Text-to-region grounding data

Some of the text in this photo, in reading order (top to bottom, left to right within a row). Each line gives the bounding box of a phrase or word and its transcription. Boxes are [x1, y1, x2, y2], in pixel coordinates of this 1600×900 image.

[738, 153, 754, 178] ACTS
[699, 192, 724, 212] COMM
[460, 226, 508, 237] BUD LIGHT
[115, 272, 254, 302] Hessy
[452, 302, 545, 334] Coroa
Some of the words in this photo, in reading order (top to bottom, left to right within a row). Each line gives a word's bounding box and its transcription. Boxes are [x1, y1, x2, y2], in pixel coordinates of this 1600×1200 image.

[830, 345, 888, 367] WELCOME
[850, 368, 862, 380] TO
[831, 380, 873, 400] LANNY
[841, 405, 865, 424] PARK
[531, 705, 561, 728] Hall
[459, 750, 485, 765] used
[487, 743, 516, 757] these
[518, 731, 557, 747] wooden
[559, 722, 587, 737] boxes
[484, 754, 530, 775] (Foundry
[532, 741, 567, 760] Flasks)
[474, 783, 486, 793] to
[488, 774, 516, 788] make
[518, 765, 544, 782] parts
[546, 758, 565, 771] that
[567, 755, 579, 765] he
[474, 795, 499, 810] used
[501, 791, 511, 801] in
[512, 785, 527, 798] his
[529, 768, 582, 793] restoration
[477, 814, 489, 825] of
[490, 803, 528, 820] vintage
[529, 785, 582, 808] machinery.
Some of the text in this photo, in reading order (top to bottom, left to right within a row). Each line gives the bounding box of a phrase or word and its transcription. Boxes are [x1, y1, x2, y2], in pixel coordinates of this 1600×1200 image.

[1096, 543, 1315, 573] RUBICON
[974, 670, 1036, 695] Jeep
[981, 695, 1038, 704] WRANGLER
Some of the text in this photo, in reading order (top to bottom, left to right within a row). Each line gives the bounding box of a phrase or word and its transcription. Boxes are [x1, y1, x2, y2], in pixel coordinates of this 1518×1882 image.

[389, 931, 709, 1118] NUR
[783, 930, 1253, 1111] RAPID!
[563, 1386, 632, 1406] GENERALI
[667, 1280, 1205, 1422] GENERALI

_Problem statement_
Up to and including the last line of the data, copy each line exactly, starting with the line that contains "this 1518×1882 image.".

_Exercise answer_
Some of the text in this photo, in reading order (top to bottom, left to right within a row). Each line gives the bounding box of a phrase or word and its transcription. Boxes are [x1, y1, x2, y2], in pixel coordinates of this 1518×1882 image.

[389, 931, 709, 1118] NUR
[783, 930, 1253, 1111] RAPID!
[563, 1386, 632, 1406] GENERALI
[667, 1280, 1205, 1422] GENERALI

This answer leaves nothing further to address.